Standard Base64 itself starts with letters, which would put something starting with a number too far up to be in the Basic Multilingual Plane. So I started guessing with ‘0123456789ABCDEFG...’ which would be the other obvious choice of key string. That got resulting numbers that were close to the code points for the given characters, but a bit too low. Inserting an extra character at the start of the key string (so digit ‘0’ doesn't map to number 0) got one of the characters right and the other two very close; the one that was right had no lower-case letters, so to change only the lower-case letters I inserted another character between the upper and lower cases. This came up with the right numbers.
It's not guaranteed that this is actually right, but (apart from the arbitrary choice of inserted characters) it's very likely to be it.
您可能想查看维基百科上的中文字符编码页面。 我能看到的唯一始终为 4 个字节的编码是 UTF-32 。
GB 18030 是当前标准中文字符集,但长度可以是 1 到 4 个字节。
You might want to look at chinese character encoding page on Wikipedia. The only encoding in there that I can see that is always 4 bytes is UTF-32.
GB 18030 is the current standard Chinese character set, but it can be 1 to 4 bytes long.
尝试 chardet。 它可以很好地猜测字节串的字符编码。
不会。UTF-8 只是将 Unicode 字符表示为字节序列的一种方法。 Unicode 是完整的标准,为每个字符分配数字和人类可读的标识符,以及有关字符的大量元数据。
Try chardet. It does a good job of guessing the character encoding of a string of bytes.
No. UTF-8 is just one way to represent Unicode characters as a sequence of bytes. Unicode is the full standard, assigning numeric and human-readable identifiers to each character, as well as lots of metadata about the characters.
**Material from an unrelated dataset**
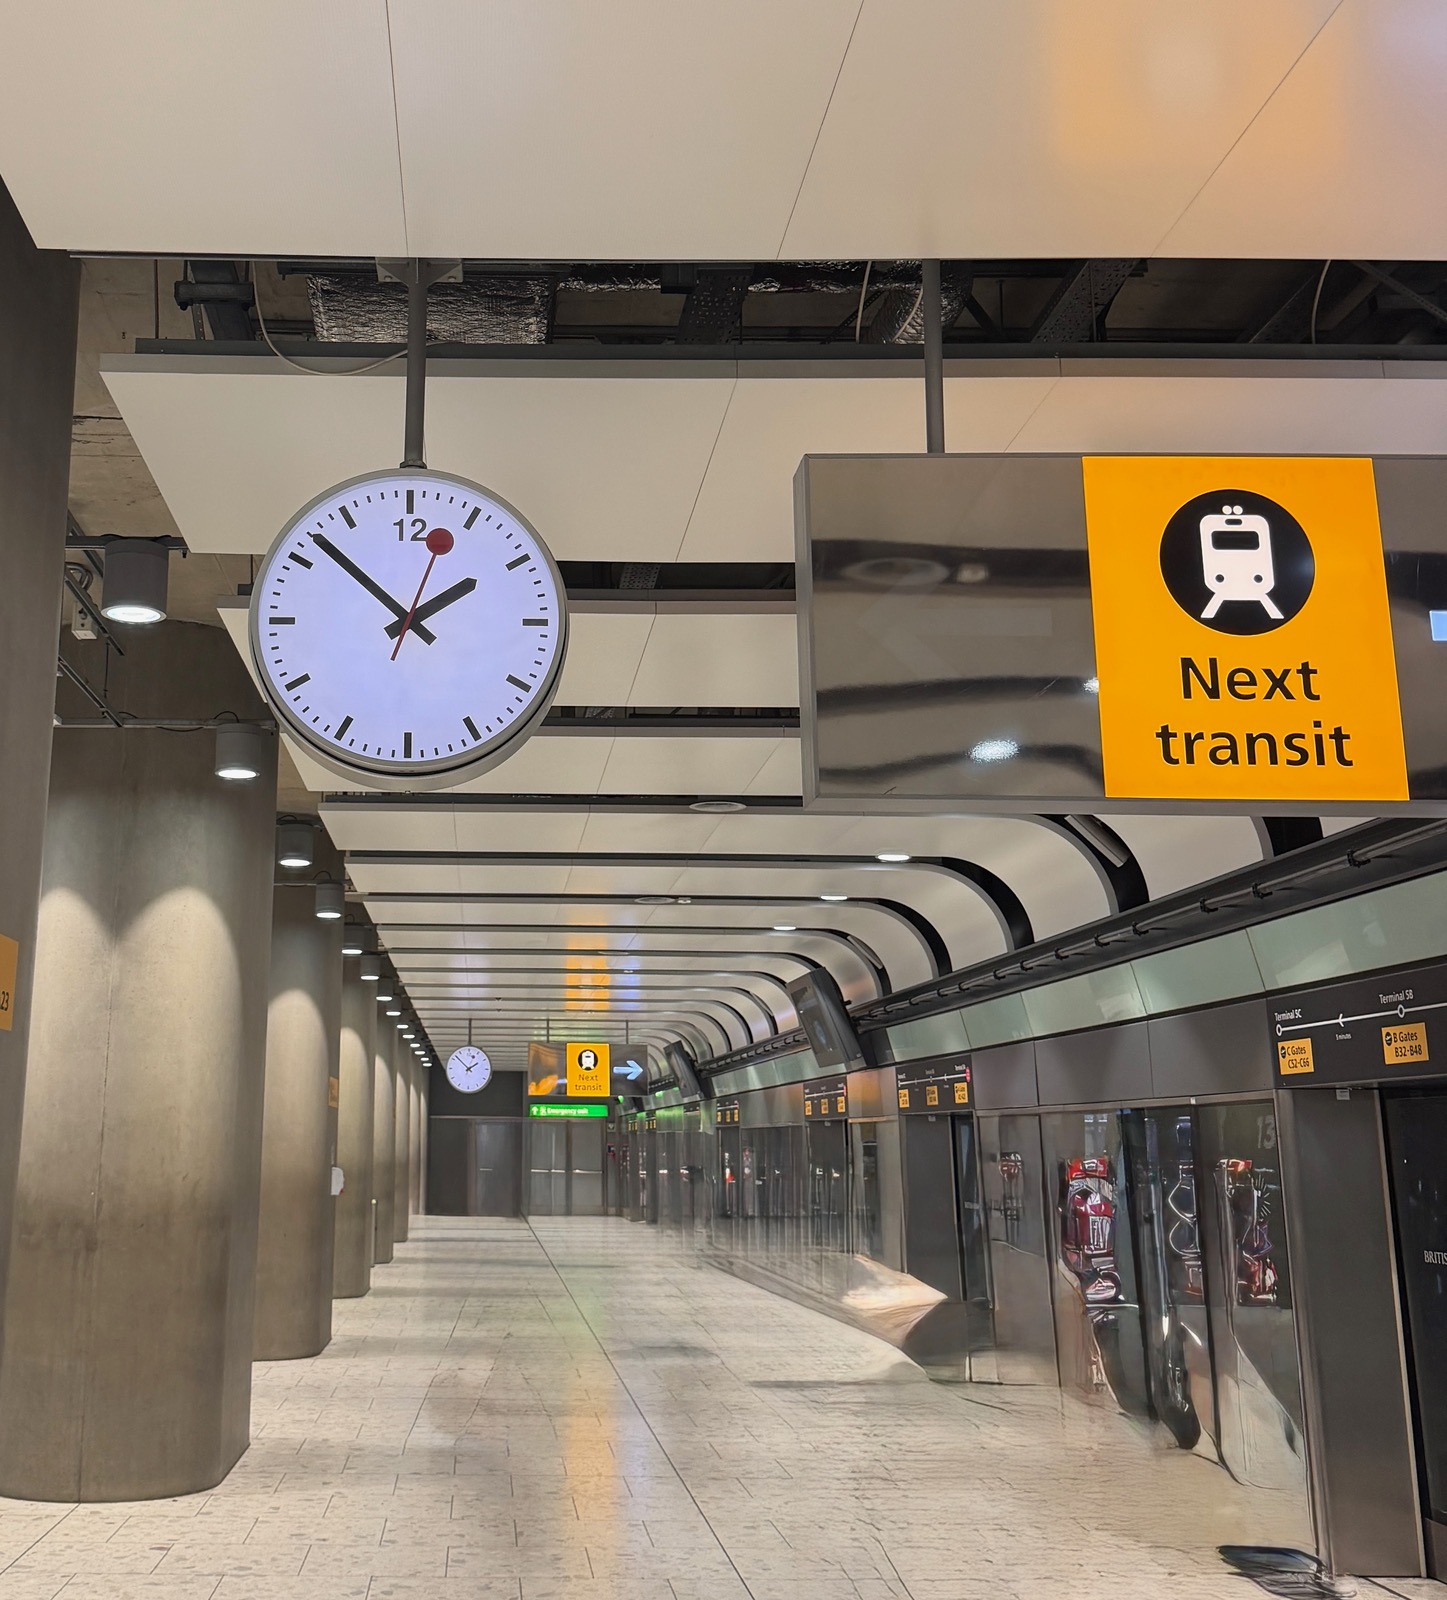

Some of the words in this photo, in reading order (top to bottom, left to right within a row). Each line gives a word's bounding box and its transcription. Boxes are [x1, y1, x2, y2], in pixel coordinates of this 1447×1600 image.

它可能是有效的 unicode 编码,例如 utf-8 或 UTF16 代理项对。
It might be a valid unicode encoding, such as a utf-8 or UTF16 surrogate pair.
是的,中文的是UTF-8,Unicode的一种实现(编码)。
对于 ASCII 字符,UTF-8 的长度为 1 个字节,对于其他字符,最长为 4 个字节。
Yes, the Chinese one is UTF-8, a implementation (encoding) of Unicode.
The UTF-8 is 1 byte long for ASCII characters and up to 4 bytes for others.